Synthesis and characterization of diethyl-p-vinylbenzyl phosphonate monomer: precursor of ion exchange polymers for fuel cells

 

M. Ocampo-Fernández¹, Ana M. Herrera², T. Méndez-Bautista², J. García-Serrano^2*

 

¹ Posgrado en Ciencia de Materiales, Universidad Autónoma del Estado de Hidalgo Carretera Pachuca-Tulancingo Km. 4.5, 42184, Mineral de la Reforma, Hgo., México.
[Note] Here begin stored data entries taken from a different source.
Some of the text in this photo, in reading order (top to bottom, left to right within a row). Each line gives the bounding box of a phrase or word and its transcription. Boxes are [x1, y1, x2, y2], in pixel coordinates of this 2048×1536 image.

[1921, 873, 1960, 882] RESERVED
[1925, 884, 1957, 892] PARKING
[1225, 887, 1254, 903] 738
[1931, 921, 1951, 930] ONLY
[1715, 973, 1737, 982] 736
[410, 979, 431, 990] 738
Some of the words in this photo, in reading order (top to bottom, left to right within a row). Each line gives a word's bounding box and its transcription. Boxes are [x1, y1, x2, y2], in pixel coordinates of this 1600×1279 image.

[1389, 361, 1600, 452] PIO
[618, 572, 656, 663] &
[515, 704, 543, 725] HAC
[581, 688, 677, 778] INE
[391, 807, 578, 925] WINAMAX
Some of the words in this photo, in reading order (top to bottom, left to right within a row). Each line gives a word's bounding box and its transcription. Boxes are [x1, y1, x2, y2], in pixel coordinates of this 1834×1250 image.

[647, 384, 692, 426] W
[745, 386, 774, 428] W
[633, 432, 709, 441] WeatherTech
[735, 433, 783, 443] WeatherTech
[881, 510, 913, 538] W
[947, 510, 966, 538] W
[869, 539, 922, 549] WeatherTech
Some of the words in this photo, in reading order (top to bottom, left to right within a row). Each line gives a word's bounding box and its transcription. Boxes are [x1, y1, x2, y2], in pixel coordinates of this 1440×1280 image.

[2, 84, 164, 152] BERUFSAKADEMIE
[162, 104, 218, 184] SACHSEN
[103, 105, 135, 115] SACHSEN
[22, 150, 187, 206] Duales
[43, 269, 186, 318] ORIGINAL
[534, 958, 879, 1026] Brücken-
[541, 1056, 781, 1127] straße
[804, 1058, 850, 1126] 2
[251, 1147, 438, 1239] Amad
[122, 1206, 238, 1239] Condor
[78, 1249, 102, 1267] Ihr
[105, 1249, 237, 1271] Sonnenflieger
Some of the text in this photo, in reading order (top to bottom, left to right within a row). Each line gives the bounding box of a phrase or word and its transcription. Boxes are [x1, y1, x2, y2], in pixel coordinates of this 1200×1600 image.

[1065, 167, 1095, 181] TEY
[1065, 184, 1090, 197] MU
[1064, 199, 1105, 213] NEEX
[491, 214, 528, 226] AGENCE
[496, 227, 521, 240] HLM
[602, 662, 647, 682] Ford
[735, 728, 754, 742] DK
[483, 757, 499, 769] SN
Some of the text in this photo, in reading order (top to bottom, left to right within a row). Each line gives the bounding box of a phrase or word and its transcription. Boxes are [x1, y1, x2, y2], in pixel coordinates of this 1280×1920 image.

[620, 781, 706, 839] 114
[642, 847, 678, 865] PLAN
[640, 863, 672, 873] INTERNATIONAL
² Centro de Investigaciones en Materiales y Metalurgia, Universidad Autónoma del Estado de Hidalgo Carretera Pachuca-Tulancingo Km. 4.5, 42184, Mineral de la Reforma, Hgo., México. *jserrano@uaeh.edu.mx

 

Recibido: 18 de mayo de 2009.
Aceptado: 9 de junio de 2009.

 

Abstract

Synthesis of diethyl-p-vynilbenzyl phosphonate (DEpVBP) monomer and its homopolymer, precursors of ion exchange materials, are reported. DEpVBP monomer was synthesized by means of Michaelis-Arbusov reaction of p-vinylbenzyl chloride with tryethyl phosphite in the presence of cupric chloride using chlorebenzene as solvent with a yield of 75%. Homopolymer was synthesized by free radical polymerization reaction using AIBN as a free radical initiator at 70 ºC in DMF. The structures of the compounds were determined from NMR, FT-IR and Raman spectroscopy. Good thermal stability of homopolymer (up to 200 ºC) indicates that theses compounds are excellent candidates to be used in the development of new proton exchange membranes for fuel cells.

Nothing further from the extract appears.